Introduction To Modelling

Introduction

So far, we have created

A data table to store information about articles about our website
An admin page which allows us to create and edit articles
A navigation bar which allows the user to choose which article they wish to read
Code which displays the article information such as the title and body to be read.

This means that we have created a web app. Congratulations! We aren't done with our bookstore but, for all intents and purposes, you have gone through the entire cycle to create working components of an application.

We now turn our attention to the "book" part of our bookstore. Just like for the articles, we need to create our data tables first which begs the question of what our tables and fields are going to be

Since data tables can look and feel like a spreadsheet and a spreadsheet allows us to create and edit column titles easily, let's use a spreadsheet to create a mock up of our tables. If we were going to create a spreadsheet containing information about the books in our bookstore it probably look something like this:

Each column has a header which describes the information in that column. Each book has its own row. If you want to find the publication year for “The Invention of Wings”, you look in the Title column for “The Invention of Wings” and then go across to the Year column and see 2014.

Whether you knew it or not, when you were choosing which columns to create, you were performing a process called “modeling”. When referring to a model airplane, you are creating a smaller version of a much larger object, a real plane. It is meant to approximate the real thing without creating another one of the same. A data model is similar except, instead of a smaller version of the object in the real world, it is a conceptual version which focuses on the pertinent information needed for the task at hand.
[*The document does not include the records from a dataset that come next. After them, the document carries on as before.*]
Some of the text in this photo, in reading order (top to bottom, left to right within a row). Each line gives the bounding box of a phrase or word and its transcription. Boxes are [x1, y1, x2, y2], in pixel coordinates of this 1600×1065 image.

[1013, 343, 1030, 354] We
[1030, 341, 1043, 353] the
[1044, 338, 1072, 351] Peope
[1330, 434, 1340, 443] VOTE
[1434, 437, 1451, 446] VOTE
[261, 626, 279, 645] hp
Since most data models exist on paper or in a computer program, we are not creating a replica. Instead, we are trying to describe the object by its properties. A property is something that all objects of a given type, with no or few exceptions, have in common. Properties, in turn have values. In the above example, for the book “The Invention of Wings” the “Year” property has the value of “2014”. There are a few issues which are then raised when talking about this concept of models

What properties do you choose for your model?
Can your project have more than one model?
If everything is a model, how do you tell one object from another (i.e. one book from another)?
If you have more than one model, do they interact or act alone?

Choosing Properties for a Model

In modeling a book, there are some very obvious characteristics which nearly all books have in common. These include a title, a publisher (even if it’s self-published SOMEONE had to print it out), a person or group of people who wrote it, a copyright year, the number of pages, the language(s) in which it is written and so on. Each of these properties has a value which, when we start filling them in, describe a particular book. A book model describes an abstract or “ideal” book (as we describe “ideal” to be for our project). When we start filling in the row, we are then describing a particular book. The model describes the ideal and when we populate the row, we move from a hypothetical thing to an “instantiation” of that thing. Plato meet Aristotle.
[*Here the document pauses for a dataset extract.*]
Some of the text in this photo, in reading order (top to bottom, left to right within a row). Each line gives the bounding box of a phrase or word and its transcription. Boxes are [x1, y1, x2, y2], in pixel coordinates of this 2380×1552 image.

Who comes up with this model? In real life, that is a case for philosophers and theologians. In our databases or computer programs, you do. The model you create or choose needs to fit the needs of the program or application you are creating. Look at Amazon.com or any other book-selling website. The information they list about a book is part of their “book” data model.
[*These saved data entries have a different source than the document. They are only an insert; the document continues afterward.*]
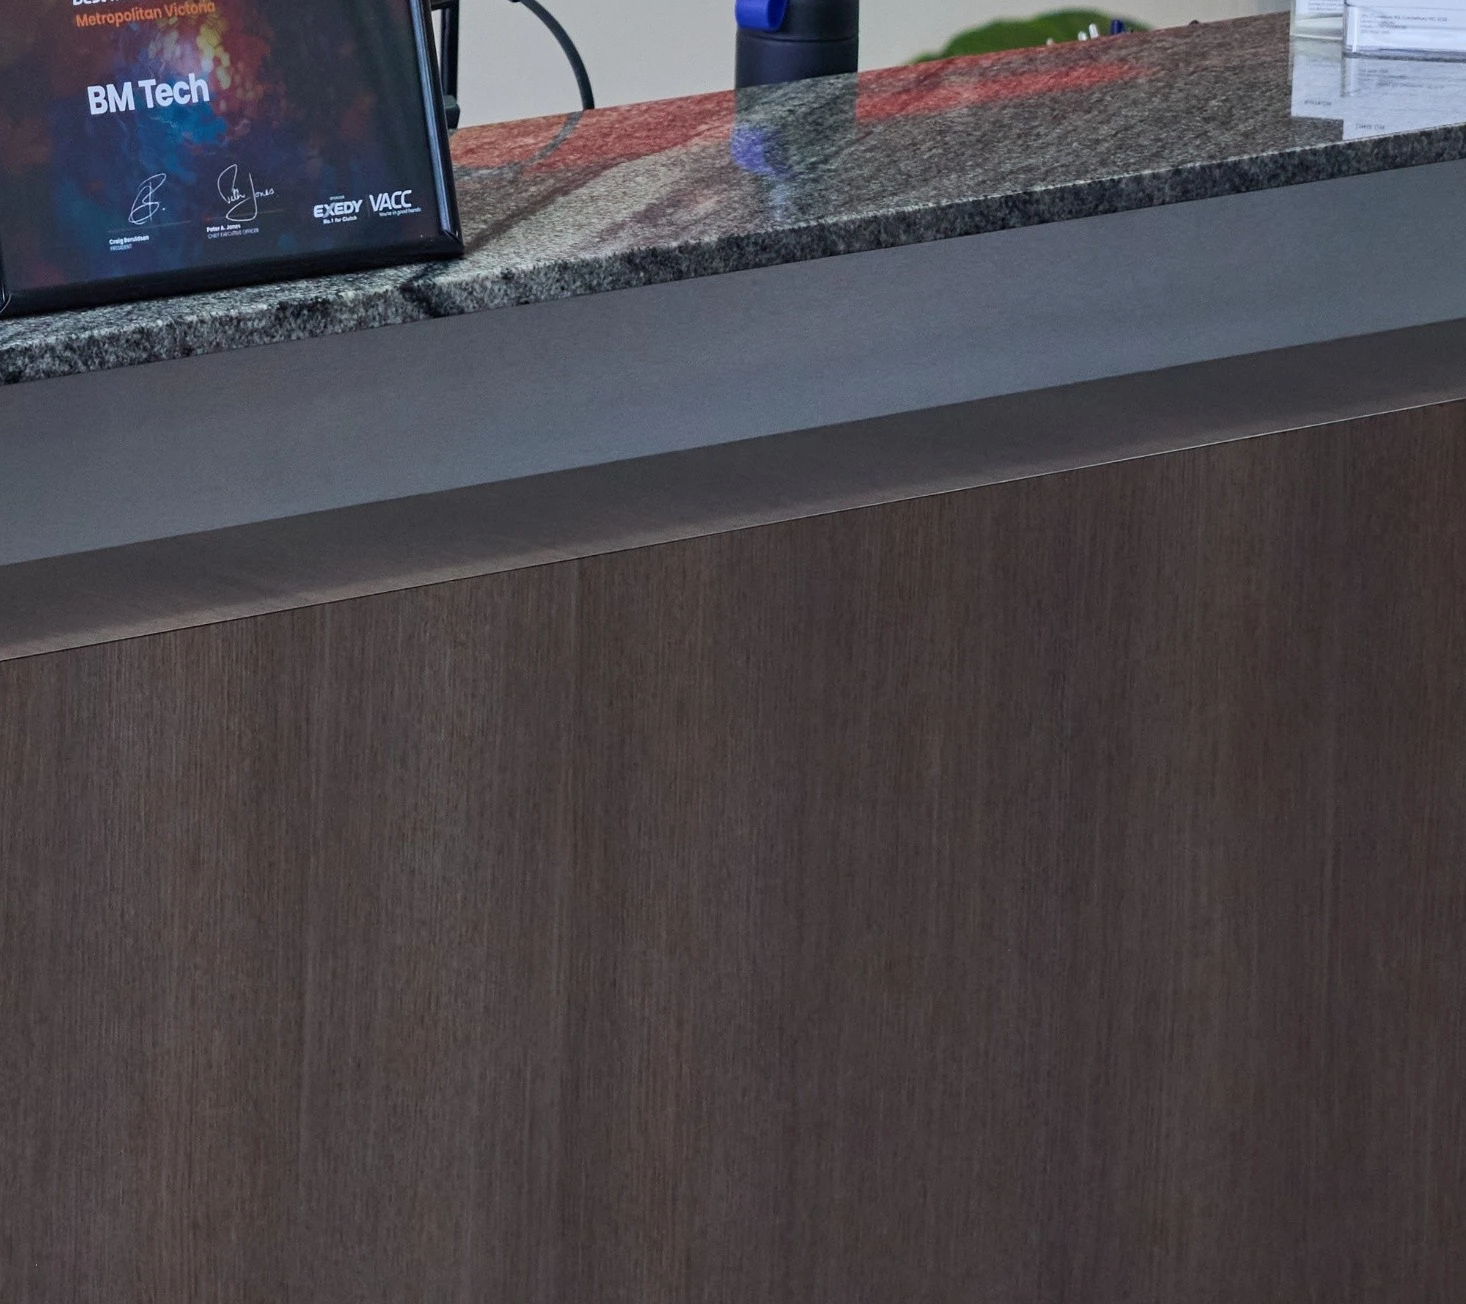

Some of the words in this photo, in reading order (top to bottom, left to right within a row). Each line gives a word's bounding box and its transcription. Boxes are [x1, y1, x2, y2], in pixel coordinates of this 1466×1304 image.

[75, 5, 162, 28] Metropolitan
[164, 0, 216, 19] Victoria
[86, 81, 136, 115] BM
[138, 72, 210, 109] Tech
[313, 199, 363, 218] EXEDY
[369, 189, 413, 212] VACC
[206, 225, 219, 233] Peter
[226, 222, 242, 231] Jones
If you were going to model a person what properties would you list? As a first glance you might include:

First Name
Last Name
Gender
Age
Ethnicity

These are general traits that we tend to use to describe people. However, does that model work in all instances? What if you want to send them a personalized message or email? Do you have enough information? You could write Dear <<First Name>> (as in Dear Steve) but, is that too informal for your company? In that case, perhaps you would write Dear <<First Name>> <<Last Name>> (as in Dear Steve Smith). Perhaps that sounds too corporate? Maybe the ideal would be to write “Dear Mr. Smith”. However, to do that we need to amend our data model and add the property “title” or “pronouns”. Do we need to include an email address? What other characteristics are there? What do we need to include? What do we want to exclude? Are there laws concerning the data we can collect or not?

You might ask why legality might come into this. Consider the scenario where you are creating an application for a scientific research company working on a medical trial. There might be legal issues about a person’s name being directly linked to medical records that are supposed to be confidential or to data that is supposed to be anonymous. Does your data model need to get so specific as to include DNA information which is completely not necessary for a bookstore site? Does that impact the properties of your model? The information you collect and that become part of your model, are directly related to how and where that data is going to be used. This brings up the next question.

Can You Have More Than One Model?

Absolutely. Typically, a model refers to one thing. However, just like in the real world, models of individual things can interact to create a larger model that reflect, not just one thing, but multiple things that relate to each other. Let’s revisit the model airplane we mentioned above. Airplanes typically reside at an airport. Can we create a model of an airport? Of course. We can even put our model airplane in the model of the airport. That doesn’t mean that they are the same model. They are separate and distinct things and therefore have separate and distinct models. Make sense?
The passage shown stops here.